■ **Assignment**
From the first line to the last, copy the material word for word; pictures stay out.

■ **Records shown**
========================

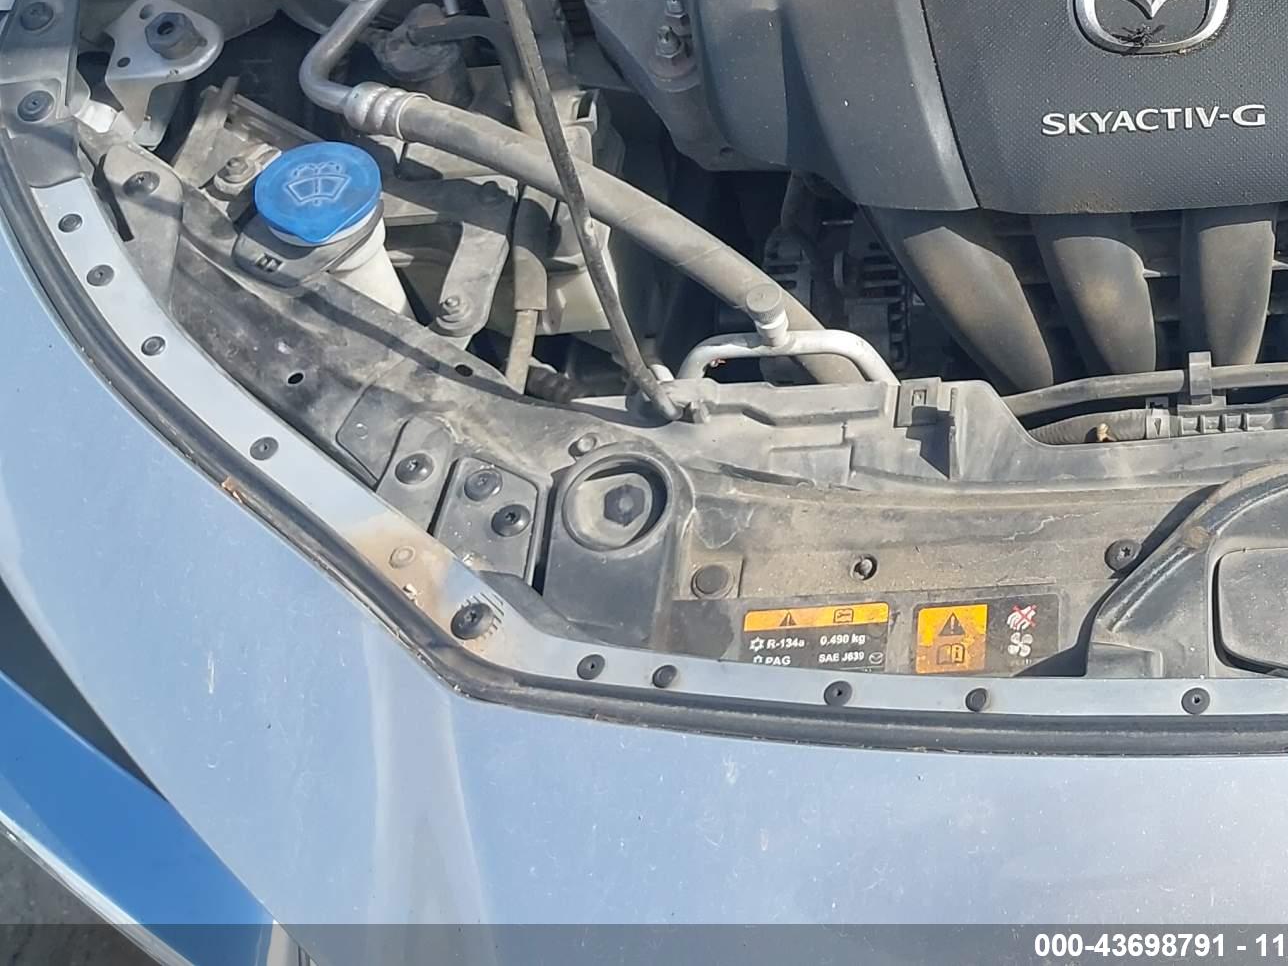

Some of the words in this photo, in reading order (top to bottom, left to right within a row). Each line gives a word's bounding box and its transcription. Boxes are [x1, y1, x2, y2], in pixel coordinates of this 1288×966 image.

[1041, 104, 1267, 136] SKYACTIV-G
[766, 638, 805, 650] R-134a
[851, 633, 866, 645] kg
[764, 655, 791, 666] PAG
[818, 653, 840, 664] SAE
[841, 651, 865, 662] J639

========================

■ **Solution to the exercise**
Some of the words in this photo, in reading order (top to bottom, left to right within a row). Each line gives a word's bounding box and its transcription. Boxes are [x1, y1, x2, y2], in pixel coordinates of this 1288×966 image.

[1041, 104, 1267, 136] SKYACTIV-G
[766, 638, 805, 650] R-134a
[851, 633, 866, 645] kg
[764, 655, 791, 666] PAG
[818, 653, 840, 664] SAE
[841, 651, 865, 662] J639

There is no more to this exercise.